• [PROBLEM DETAILS]: Please reproduce the entries below exactly, omitting any images they contain.
╭─ DATA UNDER STUDY
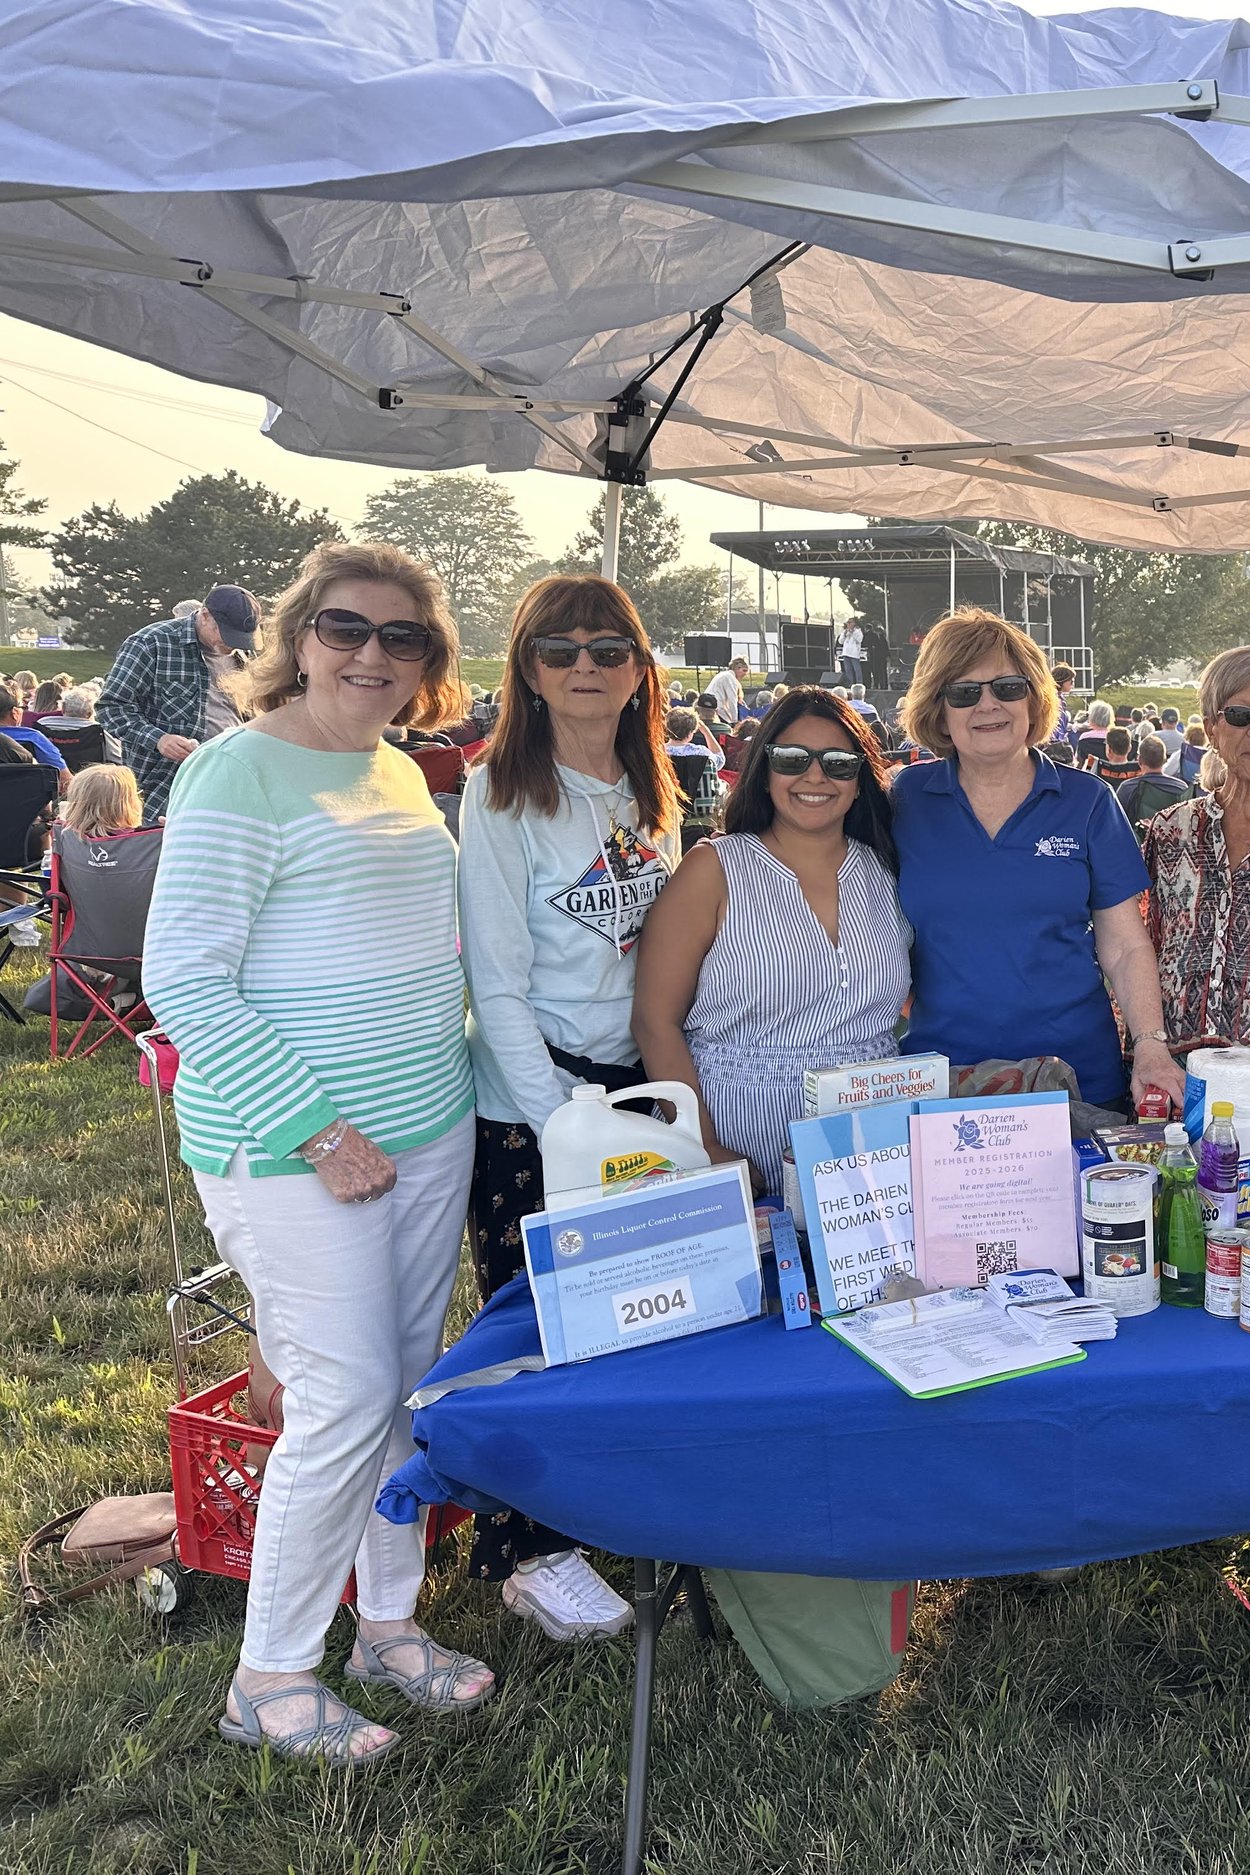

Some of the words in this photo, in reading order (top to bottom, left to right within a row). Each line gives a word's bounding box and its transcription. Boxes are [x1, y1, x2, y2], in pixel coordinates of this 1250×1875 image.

[639, 882, 651, 891] OF
[639, 891, 653, 900] THE
[598, 909, 648, 927] COLOR
[851, 1076, 868, 1090] Big
[871, 1072, 905, 1086] Cheers
[908, 1068, 922, 1080] for
[838, 1089, 870, 1104] Fruits
[872, 1086, 893, 1099] and
[896, 1078, 935, 1097] Veggies!
[978, 1112, 1015, 1124] Darien
[982, 1120, 1028, 1135] Woman's
[988, 1134, 1011, 1146] Club
[814, 1159, 844, 1176] ASK
[847, 1153, 868, 1169] US
[871, 1145, 911, 1164] ABOU
[934, 1156, 974, 1166] MEMBER
[980, 1150, 1053, 1162] REGISTRATION
[964, 1165, 1024, 1176] 2025-2026
[985, 1181, 1005, 1189] going
[1006, 1178, 1033, 1187] digital!
[819, 1196, 851, 1214] THE
[853, 1183, 908, 1207] DARIEN
[592, 1230, 619, 1240] Illinois
[621, 1223, 646, 1234] Liquor
[648, 1213, 677, 1227] Control
[678, 1204, 722, 1219] Commission
[823, 1206, 894, 1233] WOMAN'S
[897, 1202, 914, 1216] CL
[962, 1211, 1005, 1220] Membership
[599, 1263, 625, 1276] prepared
[651, 1250, 674, 1260] PROOF
[676, 1246, 686, 1254] OF
[829, 1255, 855, 1272] WE
[858, 1244, 898, 1265] MEET
[833, 1269, 876, 1292] FIRST
[1024, 1280, 1058, 1290] Woman's
[621, 1289, 687, 1324] 2004
[837, 1295, 857, 1311] OF
[588, 1340, 621, 1354] ILLEGAL
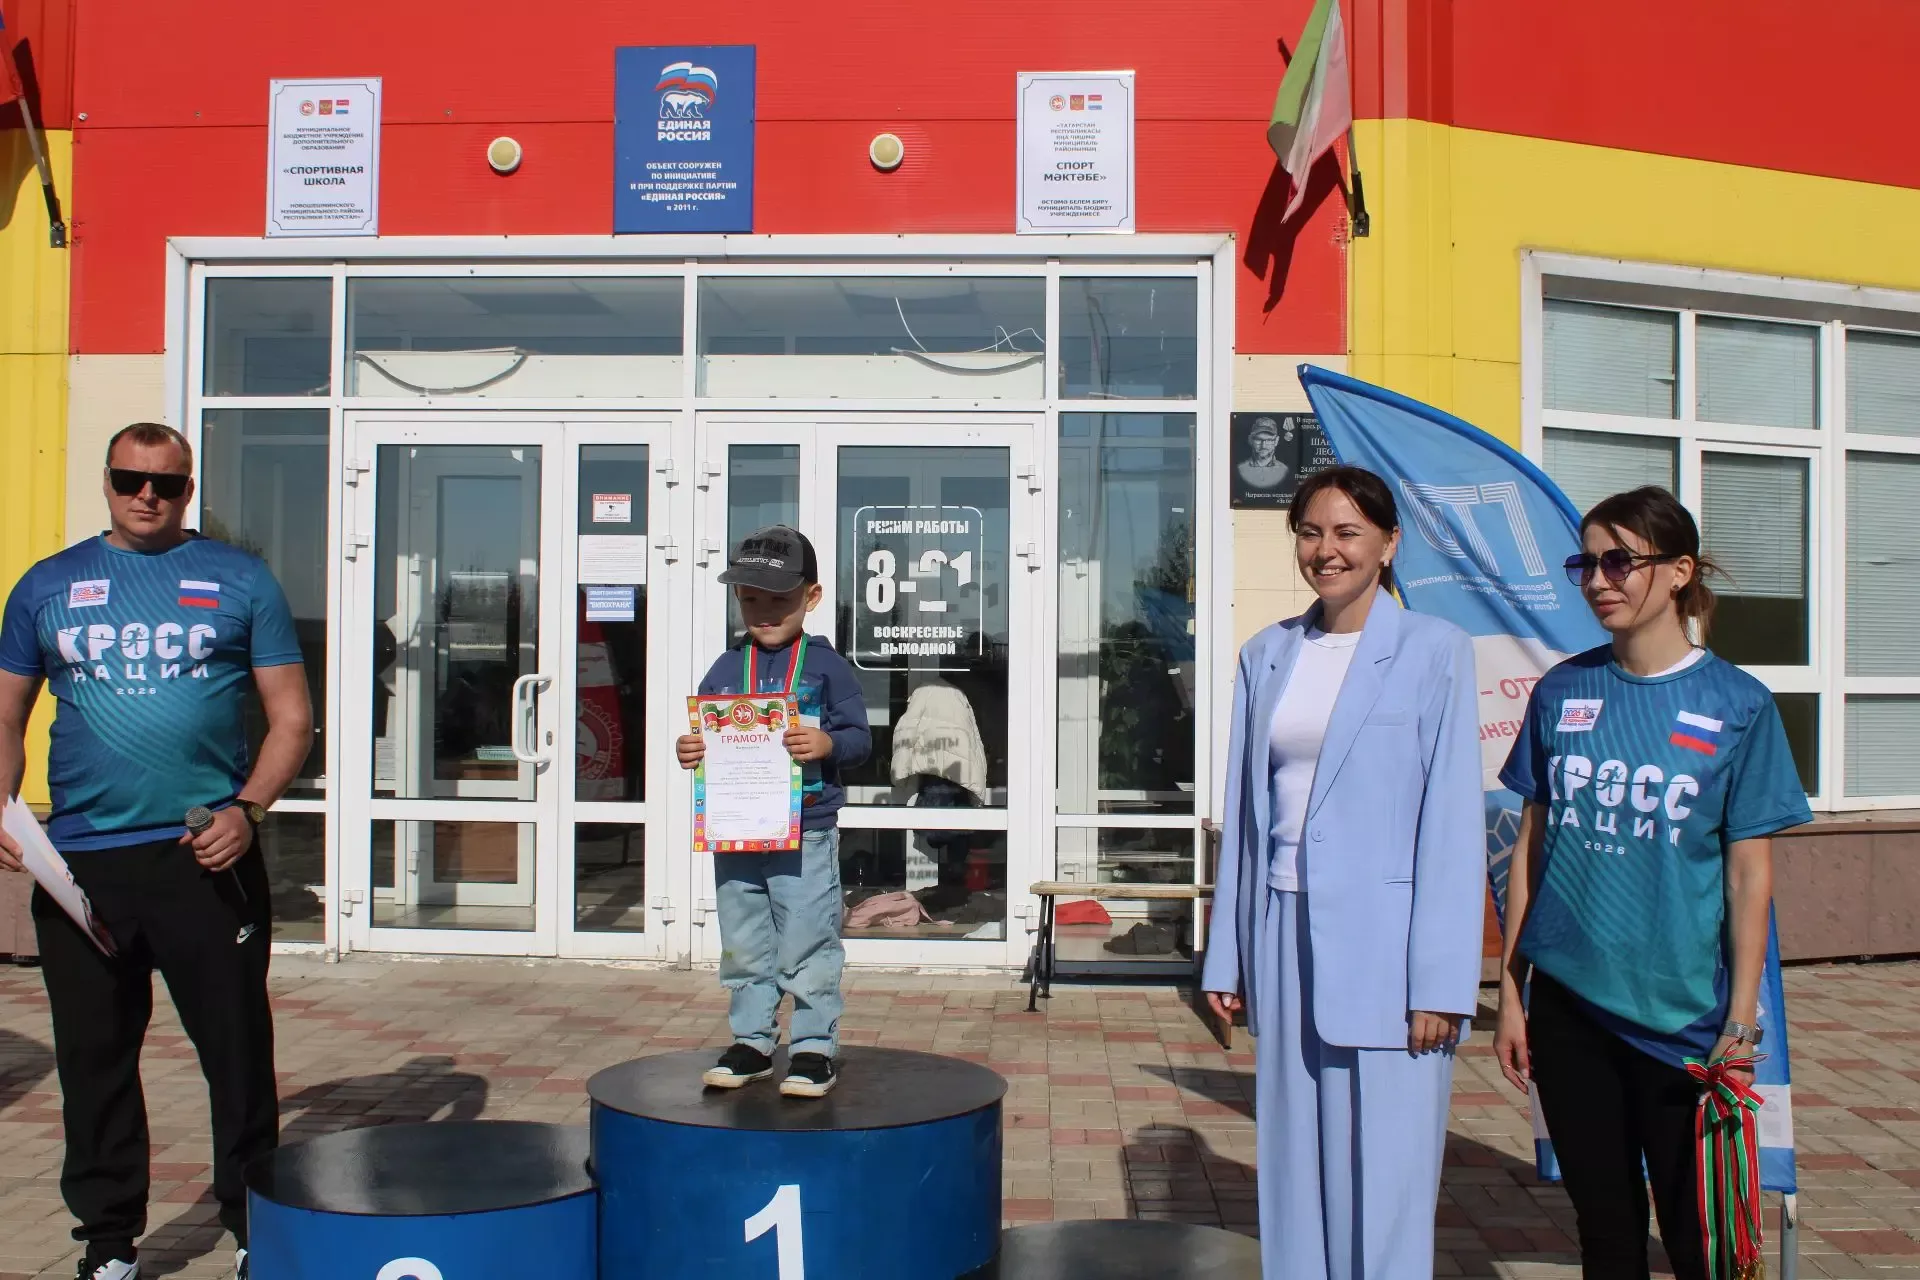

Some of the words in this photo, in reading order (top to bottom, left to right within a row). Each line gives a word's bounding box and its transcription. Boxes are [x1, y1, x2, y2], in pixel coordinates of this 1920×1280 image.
╰─
• [ANSWER TO THE EXERCISE]:
Some of the words in this photo, in reading order (top to bottom, left to right within a row). Each line gives a word's bounding box and its transcription. Boxes are [x1, y1, x2, y2], in pixel coordinates of this 1250×1875 image.

[639, 882, 651, 891] OF
[639, 891, 653, 900] THE
[598, 909, 648, 927] COLOR
[851, 1076, 868, 1090] Big
[871, 1072, 905, 1086] Cheers
[908, 1068, 922, 1080] for
[838, 1089, 870, 1104] Fruits
[872, 1086, 893, 1099] and
[896, 1078, 935, 1097] Veggies!
[978, 1112, 1015, 1124] Darien
[982, 1120, 1028, 1135] Woman's
[988, 1134, 1011, 1146] Club
[814, 1159, 844, 1176] ASK
[847, 1153, 868, 1169] US
[871, 1145, 911, 1164] ABOU
[934, 1156, 974, 1166] MEMBER
[980, 1150, 1053, 1162] REGISTRATION
[964, 1165, 1024, 1176] 2025-2026
[985, 1181, 1005, 1189] going
[1006, 1178, 1033, 1187] digital!
[819, 1196, 851, 1214] THE
[853, 1183, 908, 1207] DARIEN
[592, 1230, 619, 1240] Illinois
[621, 1223, 646, 1234] Liquor
[648, 1213, 677, 1227] Control
[678, 1204, 722, 1219] Commission
[823, 1206, 894, 1233] WOMAN'S
[897, 1202, 914, 1216] CL
[962, 1211, 1005, 1220] Membership
[599, 1263, 625, 1276] prepared
[651, 1250, 674, 1260] PROOF
[676, 1246, 686, 1254] OF
[829, 1255, 855, 1272] WE
[858, 1244, 898, 1265] MEET
[833, 1269, 876, 1292] FIRST
[1024, 1280, 1058, 1290] Woman's
[621, 1289, 687, 1324] 2004
[837, 1295, 857, 1311] OF
[588, 1340, 621, 1354] ILLEGAL

Some of the words in this photo, in reading order (top to bottom, left to right within a row). Each line gives a word's bounding box and its transcription. Boxes are [x1, y1, x2, y2], in pixel coordinates of this 1920×1280 image.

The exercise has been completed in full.